Kandis M. SMART, Individually and as Administrator of the Estate of Gary Smart, Deceased, Appellant, v. Henry SCHWEIZER et al., Defendants, Ford Motor Company et al., Respondents.
Appeal from an order of the Supreme Court (Caruso, J.), entered January 23, 1998 in Schenectady County, which, inter alia, granted a motion by defendants Ford Motor Company and Ford Motor Credit Company for a change of venue.
On September 9, 1994, Gary Smart (hereinafter decedent) and defendant Henry Schweizer, a Schoharie County resident, were involved in a motor vehicle accident on State Route 30A in the Town of Schoharie, Schoharie County. Decedent was hospitalized in Schenectady County as a result of his injuries. In November 1994, plaintiff commenced this action designating Schenectady County as the venue for trial. Decedent died on February 14, 1995 and letters of administration were issued several months later to plaintiff, his spouse, in Schoharie County.
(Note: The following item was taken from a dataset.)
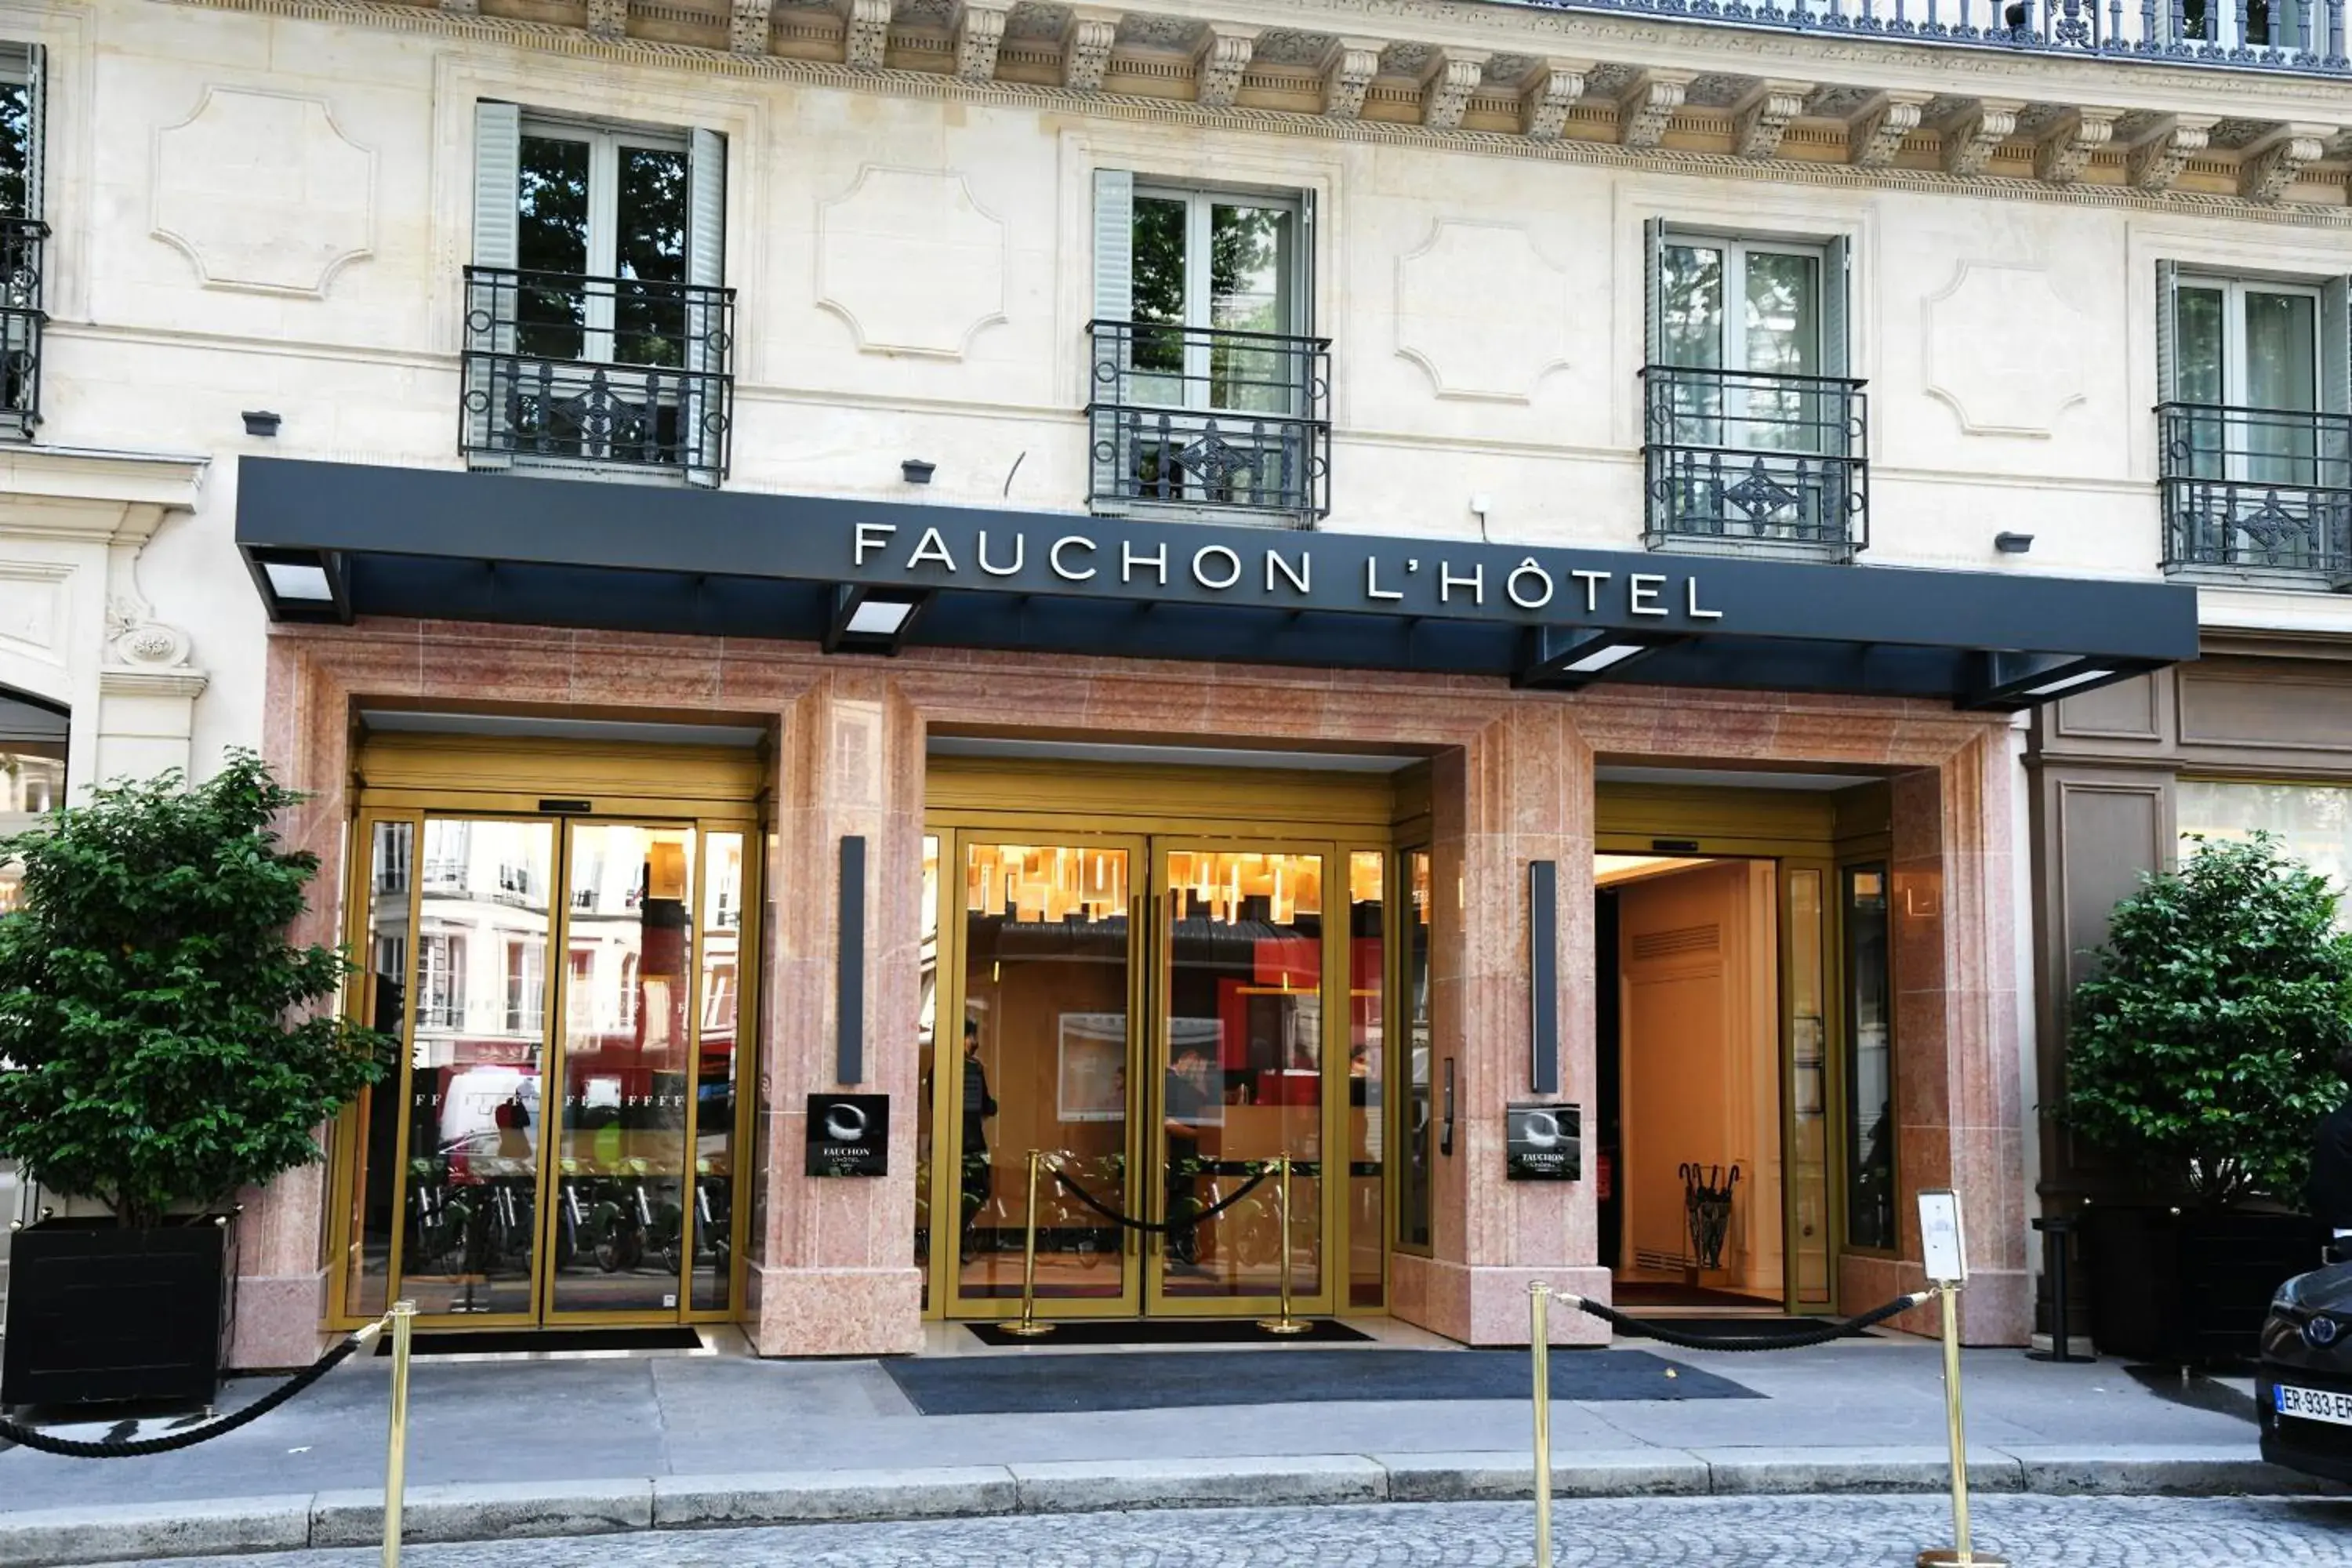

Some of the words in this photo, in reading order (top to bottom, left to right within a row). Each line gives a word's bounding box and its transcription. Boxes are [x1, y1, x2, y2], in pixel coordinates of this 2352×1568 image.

In December 1996, plaintiff was substituted for decedent in the action and granted permission to amend the complaint to add a cause of action for wrongful death. In a separate order, Supreme Court also granted plaintiff permission to add defendants Schweizer Lumber Company, a Schoharie County business, Orange Motor Company, an Albany County business, and Ford Motor Company and Ford Motor Credit Company, foreign corporations, as parties.
After serving answers, Ford Motor Company and Ford Motor Credit Company (hereinafter collectively referred to as Ford) moved pursuant to CPLR 510(1) for a change of venue from Schenectady County to Schoharie County based upon plaintiff's residence. The affidavit in support of the motion avers that Ford did not realize until plaintiff's August 1997 deposition that plaintiff currently lives in Schoharie County where, in fact, she and decedent had lived for several years prior to the subject accident. Plaintiff opposed this motion, maintaining that the designation of Schenectady County was based on decedent's 51/212-month hospital stay there prior to his death. Plaintiff also cross-moved for an order pursuant to CPLR 510(3) retaining venue in Schenectady County for the convenience of material witnesses. Supreme Court granted Ford's motion and plaintiff now appeals.
We affirm. Contrary to plaintiff's argument, Ford was not barred from making a motion for a discretionary change of venue simply because its companies were not named as original parties in this action. Furthermore, given the confusion over plaintiff's representations as to decedent's residence, we cannot say that Ford moved for this relief in an untimely fashion (see, Roman v. Brereton, 182 A.D.2d 556, 557, 582 N.Y.S.2d 710; see also, Pittman v. Maher, 202 A.D.2d 172, 608 N.Y.S.2d 199). As for the substance of the motion, Supreme Court did not err in rejecting plaintiff's contention that venue was properly designated as Schenectady County based upon decedent's hospital stay prior to his death, which plaintiff's own deposition described as involuntary and solely related to his medical condition. Generally, persons removed to hospitals or other faculties for treatment do not gain or lose a residence because they are away from home (see, Corr v. Westchester County Dept. of Social Servs., 33 N.Y.2d 111, 115-116, 350 N.Y.S.2d 401, 305 N.E.2d 483). Since there is no dispute that, at the time of the commencement of the action, plaintiff and decedent retained their home in Schoharie County and that this is the location where plaintiff was appointed administrator (see, CPLR 503[a], [b] ), we find no abuse of Supreme Court's considerable discretion in granting Ford's motion (see, Levi v. Levi, 201 A.D.2d 794, 795, 607 N.Y.S.2d 744).
Finally, Supreme Court did not improvidently exercise its discretion in denying plaintiffs' cross motion to retain venue based on the convenience of material witnesses (see, CPLR 510; Schaefer v. Schwartz, 226 A.D.2d 619, 620, 641 N.Y.S.2d 138; O'Brien v. Vassar Bros. Hosp., 207 A.D.2d 169, 622 N.Y.S.2d 284). While the convenience of the physicians who treated decedent and who will testify as to damages is a valid consideration (see, Hilgers v. Hyde, 6 A.D.2d 963, 176 N.Y.S.2d 522), it is not necessarily a dispositive one (see, Esser v. Ciarmella, 203 A.D.2d 159, 610 N.Y.S.2d 260; Hoyt v. Le Bel, 120 A.D.2d 973, 502 N.Y.S.2d 888), especially since the two counties are contiguous to each other.
ORDERED that the order is affirmed, with costs.
MERCURE, J.P., CREW, YESAWICH and GRAFFEO, JJ., concur.